For all of the great thrash metal bands around the world there is always a bit of excitement when a new one emerges from Eastern Europe. They bring a purer thrash sound to the ear to excite, their seeds sown and cultivated in the origins and strengths of the genre. Serbian band War Engine is no different, young and unapologetic they bring you thrash metal as it should be, in their own words they say “if you want fuckin thrash, we will give you fuckin, fast, badass thrash .“ As their debut demo proves they are true to their word, its three tracks unbridled merciless straight forward thrash pleasure. There is no place for fancy diversions, complicated progressive meanderings or unpredictable perpetual  breakdowns, they simply offer straight from the heart heavy rock n roll.
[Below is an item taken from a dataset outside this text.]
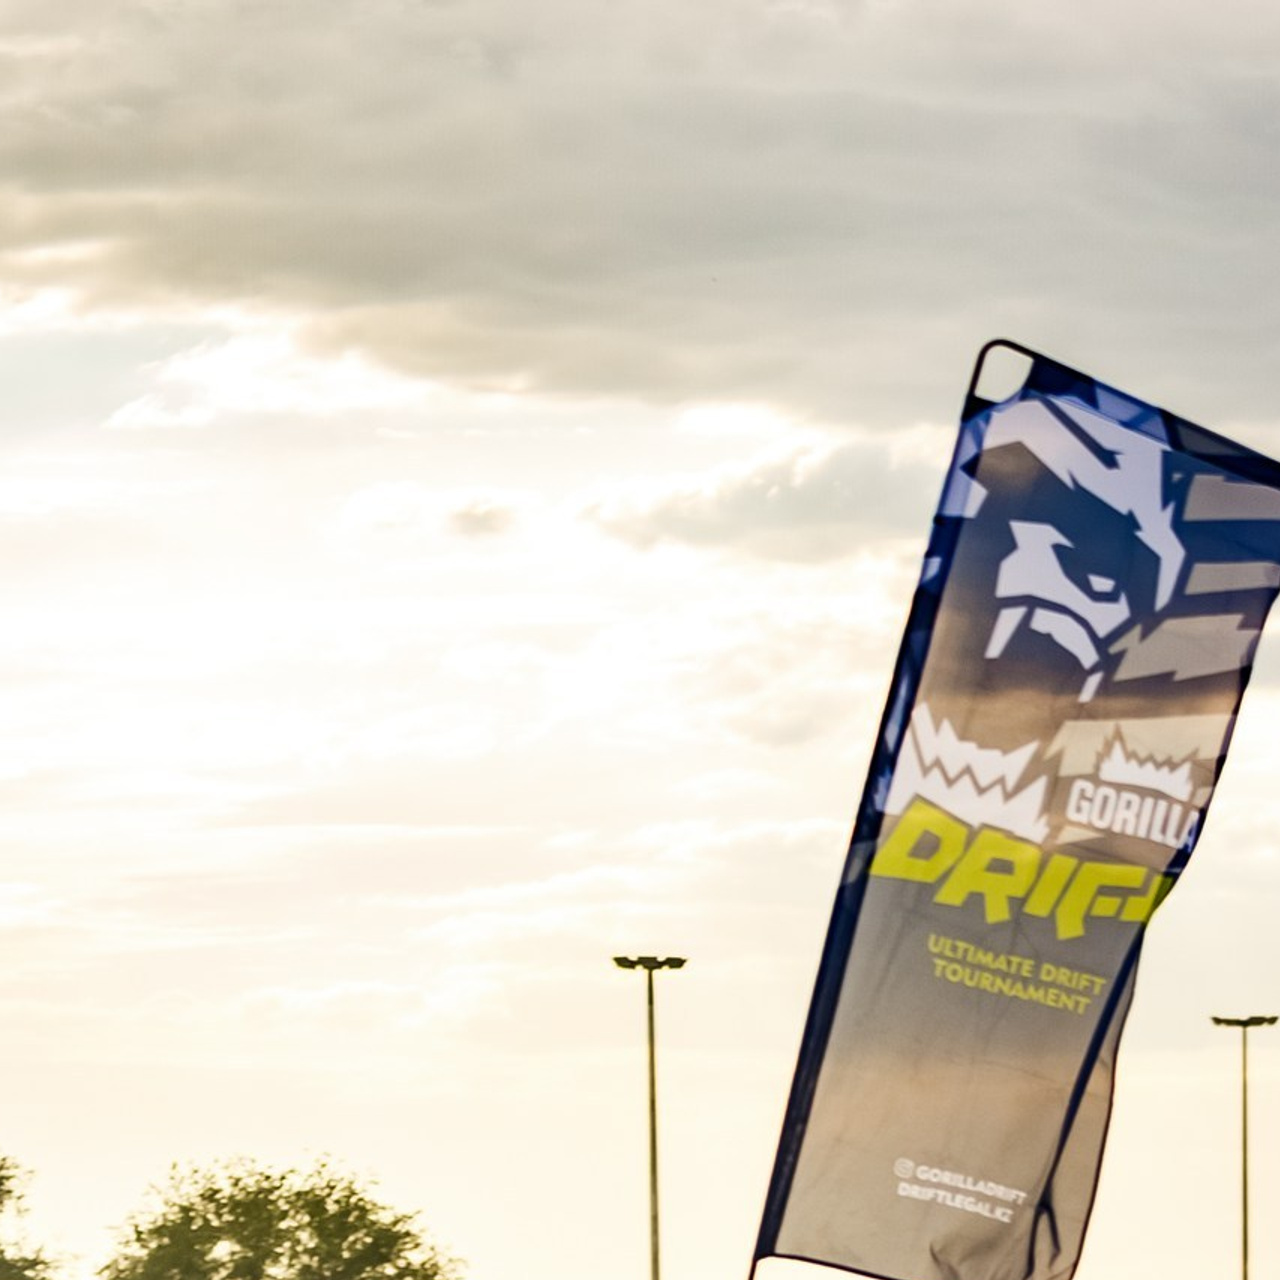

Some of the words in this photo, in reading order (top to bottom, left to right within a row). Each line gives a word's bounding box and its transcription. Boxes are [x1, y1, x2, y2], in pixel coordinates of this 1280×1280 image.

From Novi Sad the quartet of guitarist Dusan Mijolic, bassist Aleksandar Jakshic, drummer Stefan Stanic, and vocalist/guitarist Luka Francesko, have obvious influences from the likes of Violator, Municipal Waste, Slayer, and Kreator, to name just a few which spring to mind and have absorbed all their best elements to create their own hungry sound. Currently recording their debut album, the demo makes the perfect introduction to the band whilst instigating keen anticipation for their first full length release planned for later in the year.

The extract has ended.